**About this task:**
Reprint all of the data below exactly as shown and skip every image.

Saved data entries:
-------------------------
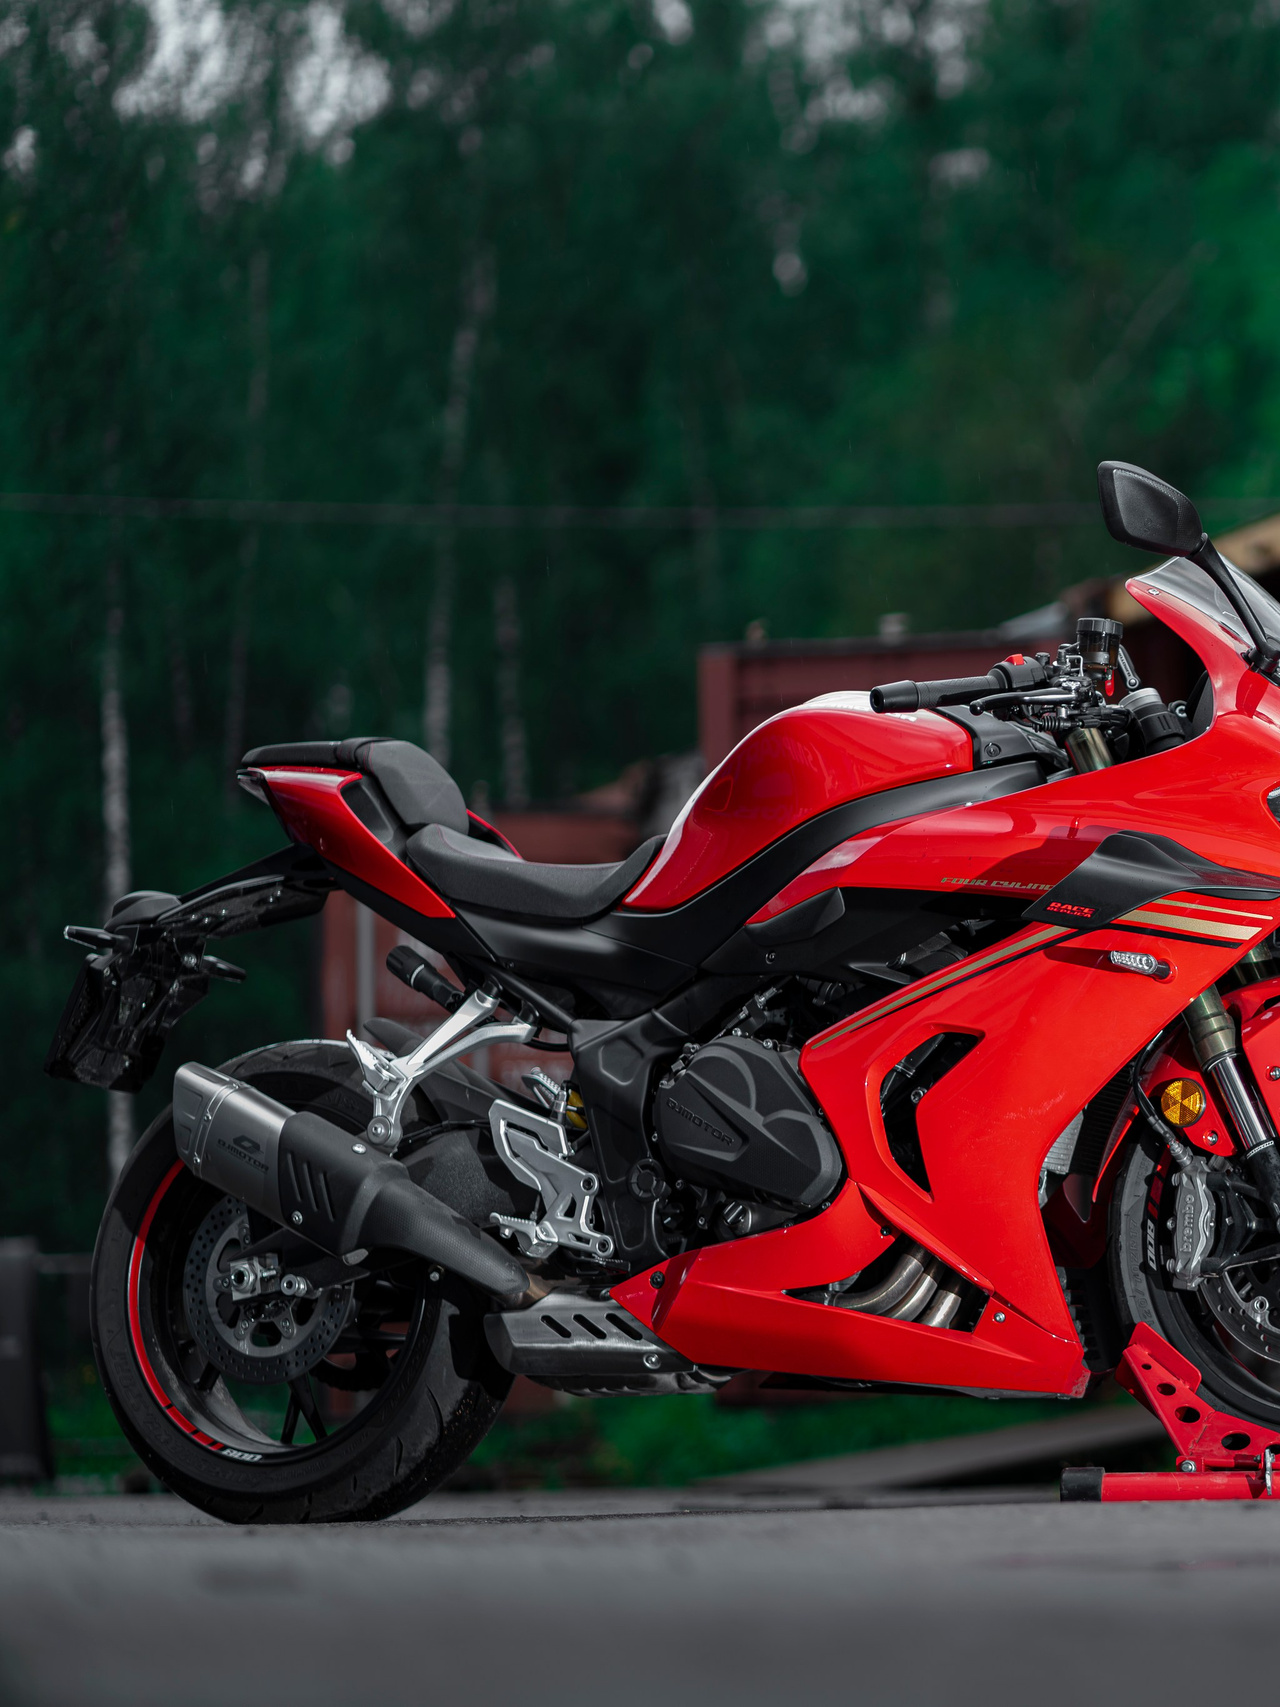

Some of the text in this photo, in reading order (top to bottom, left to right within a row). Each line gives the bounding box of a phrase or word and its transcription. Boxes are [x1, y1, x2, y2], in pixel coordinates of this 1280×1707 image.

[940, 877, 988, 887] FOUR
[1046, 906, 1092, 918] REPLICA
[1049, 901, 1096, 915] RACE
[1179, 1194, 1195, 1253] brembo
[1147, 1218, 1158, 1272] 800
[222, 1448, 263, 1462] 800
-------------------------
**Answer:**
Some of the text in this photo, in reading order (top to bottom, left to right within a row). Each line gives the bounding box of a phrase or word and its transcription. Boxes are [x1, y1, x2, y2], in pixel coordinates of this 1280×1707 image.

[940, 877, 988, 887] FOUR
[1046, 906, 1092, 918] REPLICA
[1049, 901, 1096, 915] RACE
[1179, 1194, 1195, 1253] brembo
[1147, 1218, 1158, 1272] 800
[222, 1448, 263, 1462] 800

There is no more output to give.